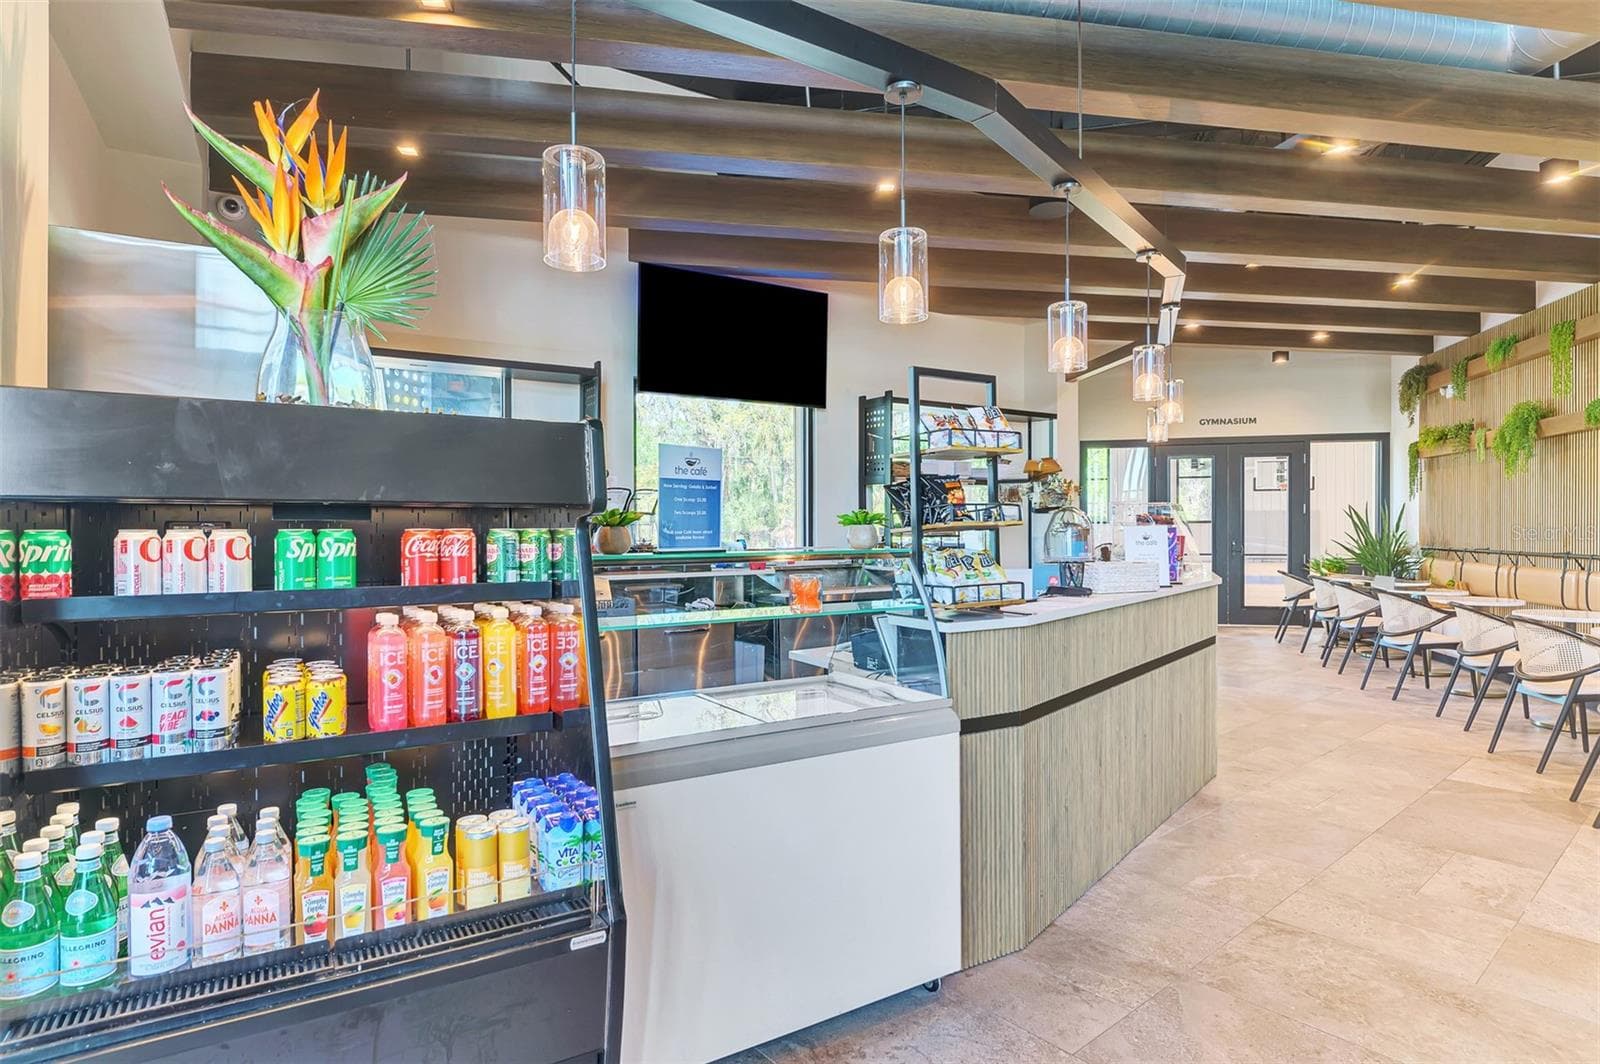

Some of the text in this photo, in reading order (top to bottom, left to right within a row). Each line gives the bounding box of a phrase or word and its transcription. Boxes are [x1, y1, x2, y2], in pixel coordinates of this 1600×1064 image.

[1199, 417, 1257, 426] GYMNASIUM
[674, 465, 708, 476] the café
[527, 639, 548, 652] ICE
[422, 648, 446, 663] ICE
[454, 646, 479, 660] ICE
[380, 652, 405, 667] ICE
[36, 710, 64, 719] CELSIUS
[75, 707, 104, 716] CELSIUS
[116, 705, 143, 713] CELSIUS
[558, 847, 579, 858] VITA
[146, 907, 166, 961] evian
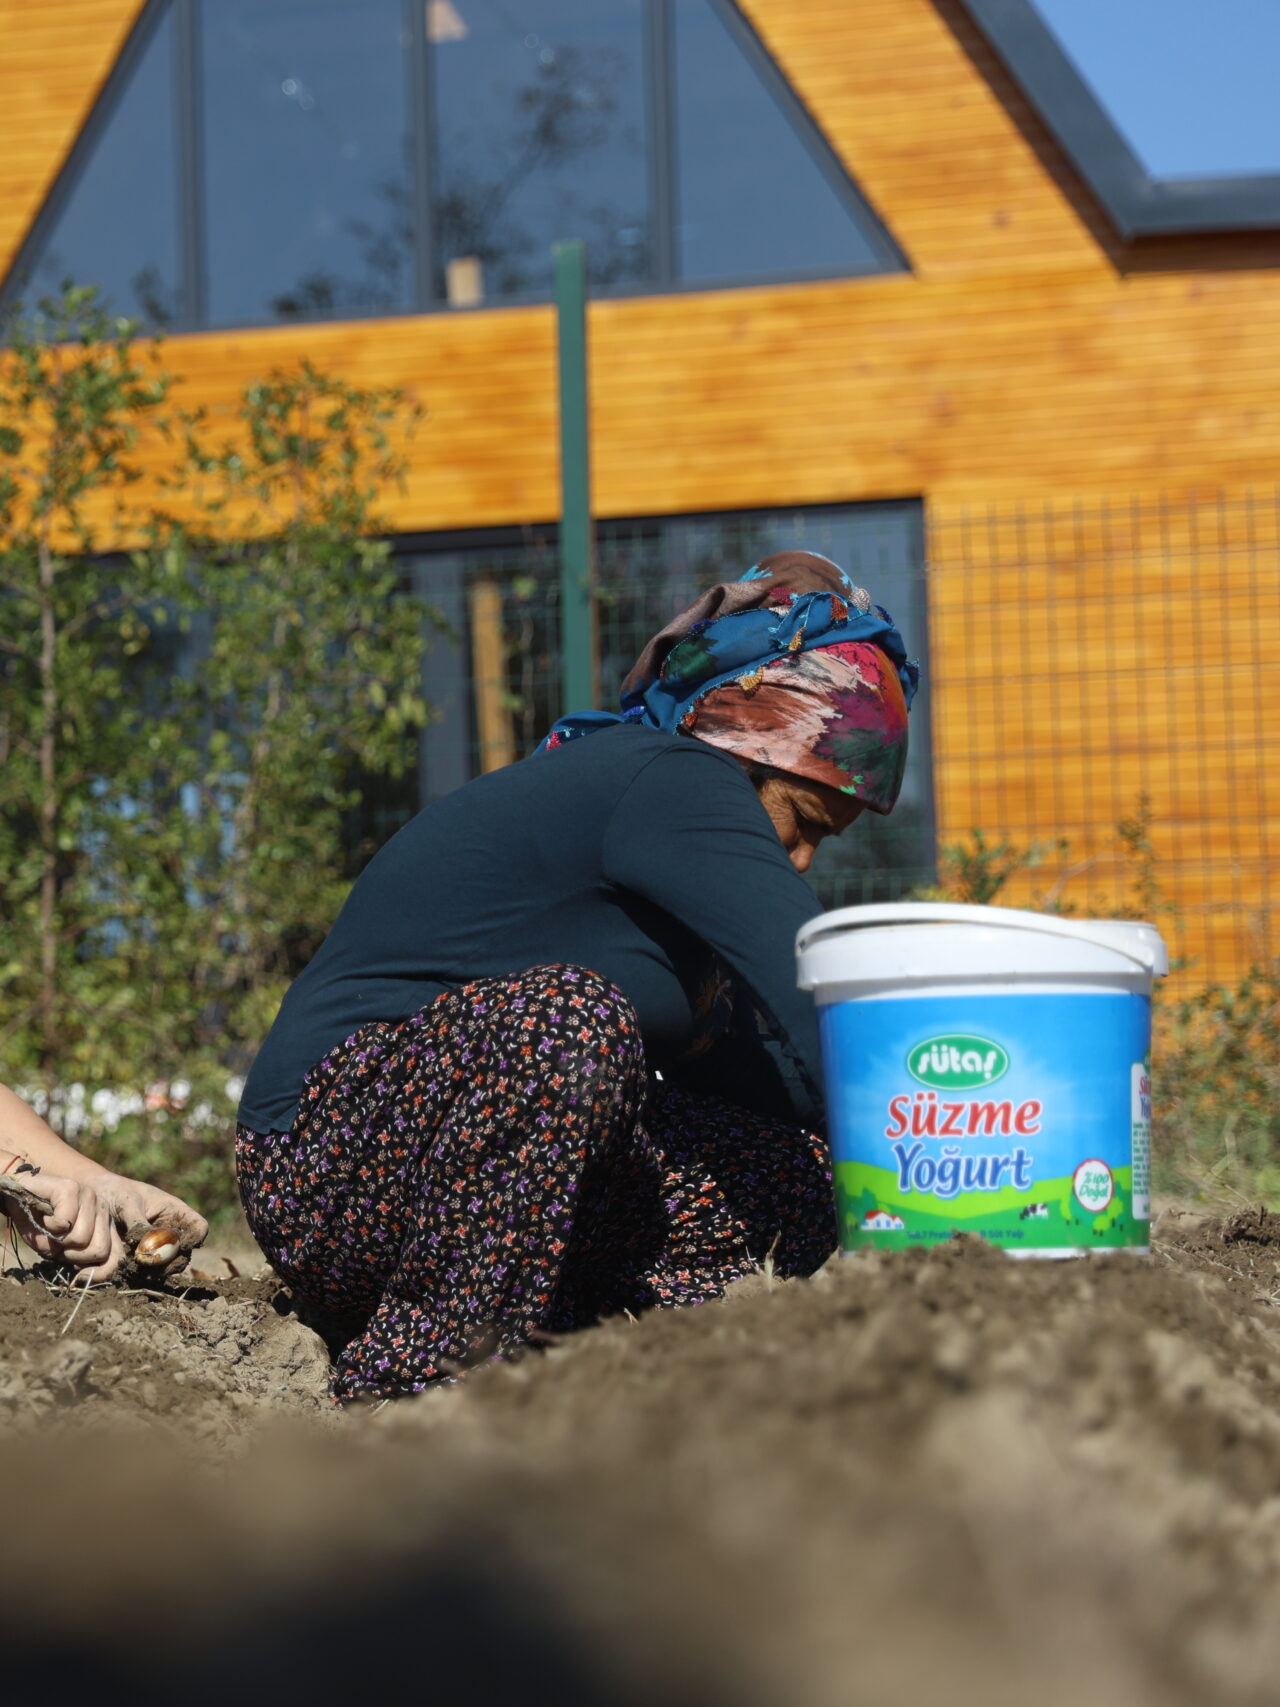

- - - - - - -

### WHAT NEEDS TO BE DONE
Omit the pictures; print the records above exactly.

### WRITTEN SOLUTION
Some of the text in this photo, in reading order (top to bottom, left to right within a row). Each line gives the bounding box of a phrase or word and its transcription. Boxes are [x1, y1, x2, y2], in pixel coordinates of this 1600×1064 image.

[1199, 417, 1257, 426] GYMNASIUM
[674, 465, 708, 476] the café
[527, 639, 548, 652] ICE
[422, 648, 446, 663] ICE
[454, 646, 479, 660] ICE
[380, 652, 405, 667] ICE
[36, 710, 64, 719] CELSIUS
[75, 707, 104, 716] CELSIUS
[116, 705, 143, 713] CELSIUS
[558, 847, 579, 858] VITA
[146, 907, 166, 961] evian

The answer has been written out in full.